WHAT YOU NEED TO DO: With the exception of the pictures, write out the data below precisely.

Extracted data entries:

━━━━━━━━━━

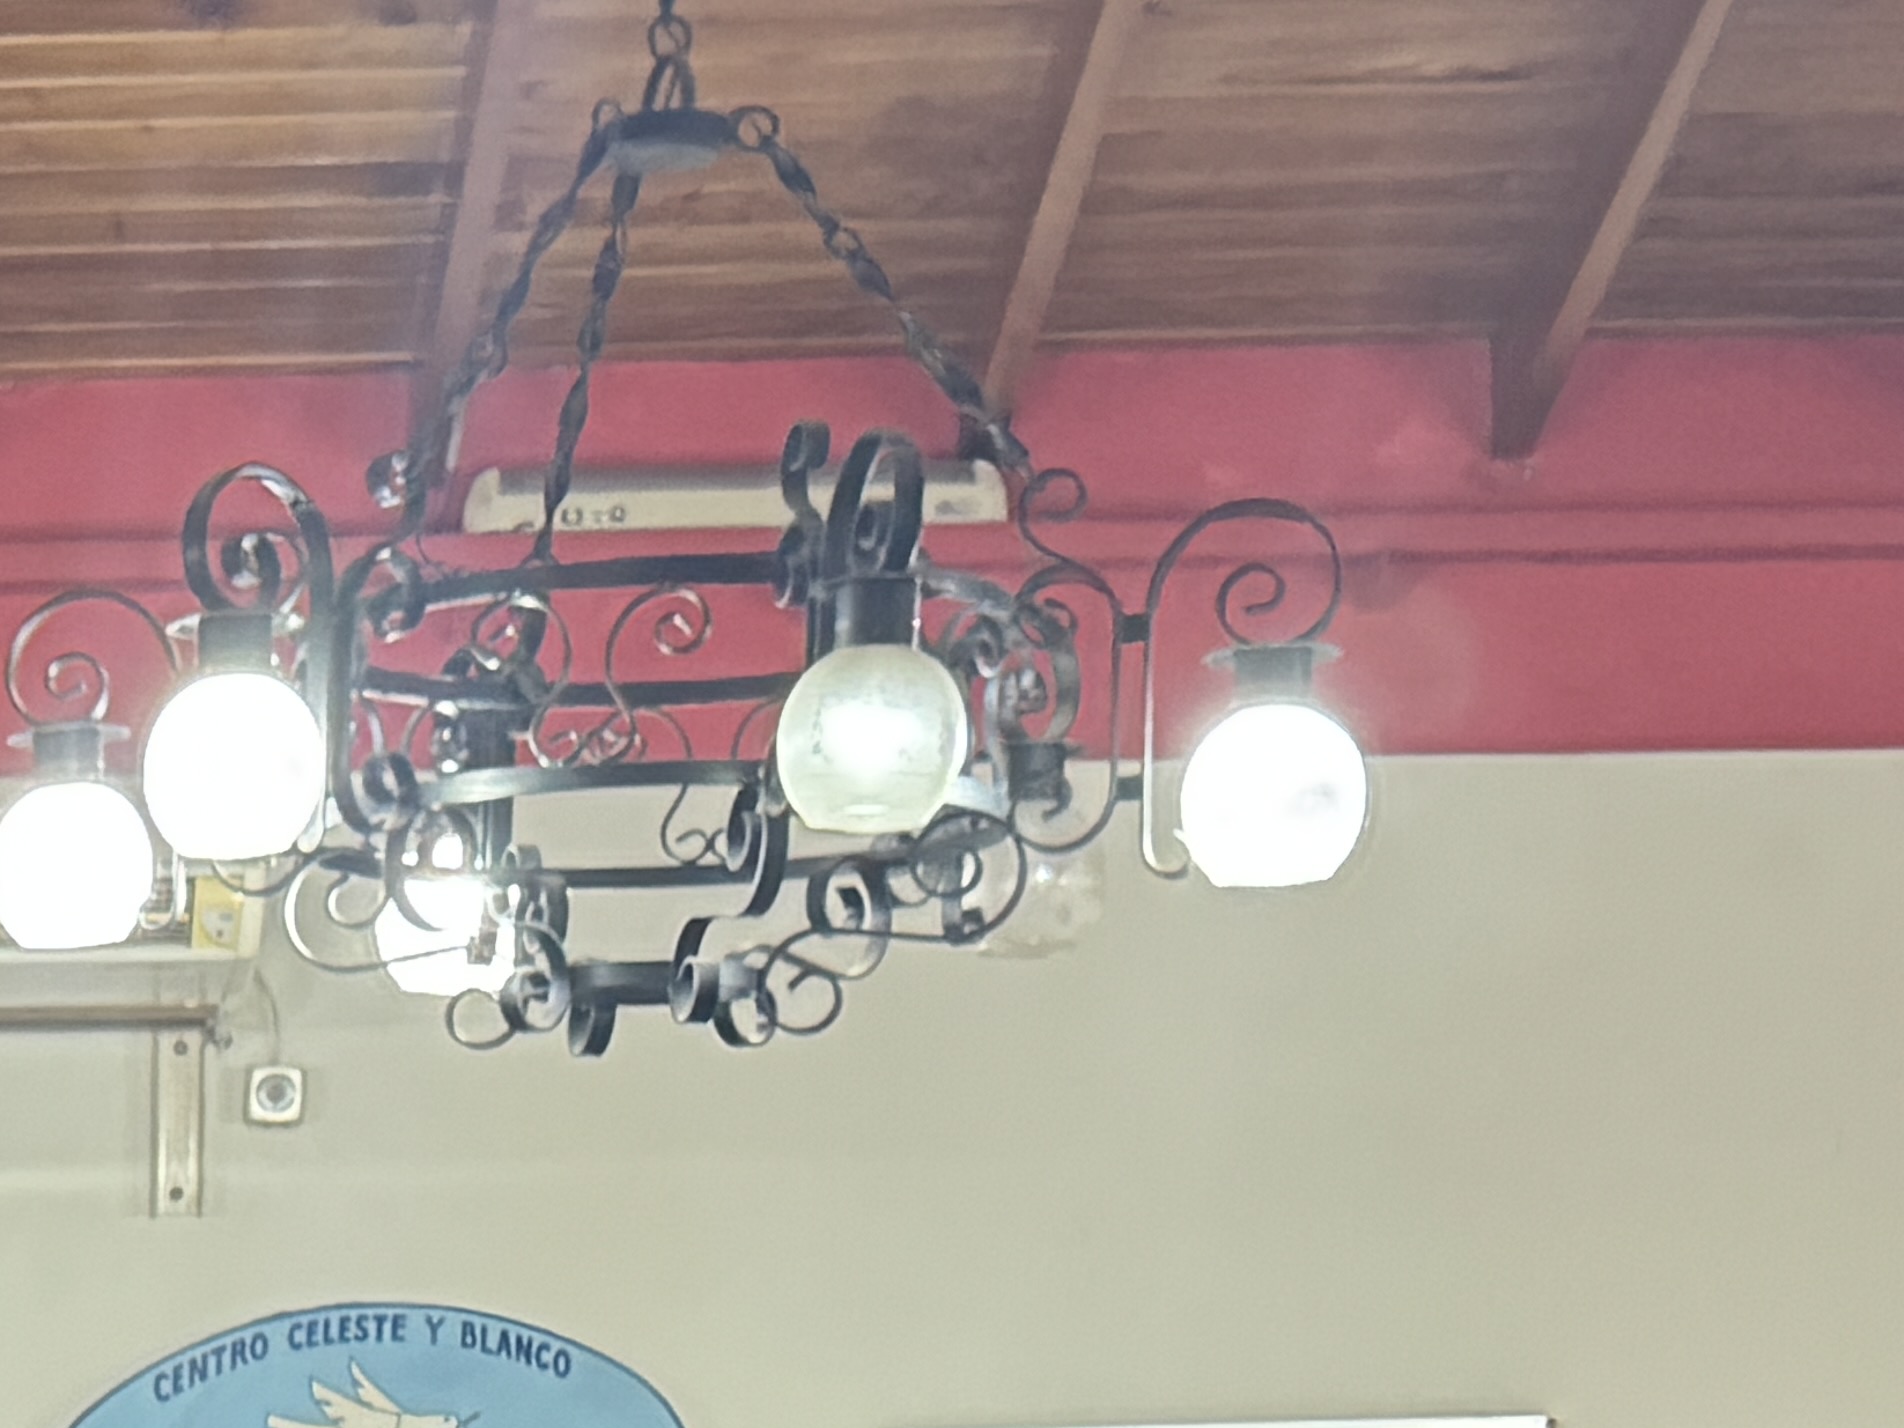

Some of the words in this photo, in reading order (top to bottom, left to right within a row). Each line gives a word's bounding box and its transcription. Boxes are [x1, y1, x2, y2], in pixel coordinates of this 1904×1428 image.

[153, 1331, 269, 1402] CENTRO
[288, 1313, 406, 1352] CELESTE
[426, 1316, 447, 1346] Y
[460, 1320, 572, 1379] BLANCO

━━━━━━━━━━

TASK OUTPUT:
Some of the words in this photo, in reading order (top to bottom, left to right within a row). Each line gives a word's bounding box and its transcription. Boxes are [x1, y1, x2, y2], in pixel coordinates of this 1904×1428 image.

[153, 1331, 269, 1402] CENTRO
[288, 1313, 406, 1352] CELESTE
[426, 1316, 447, 1346] Y
[460, 1320, 572, 1379] BLANCO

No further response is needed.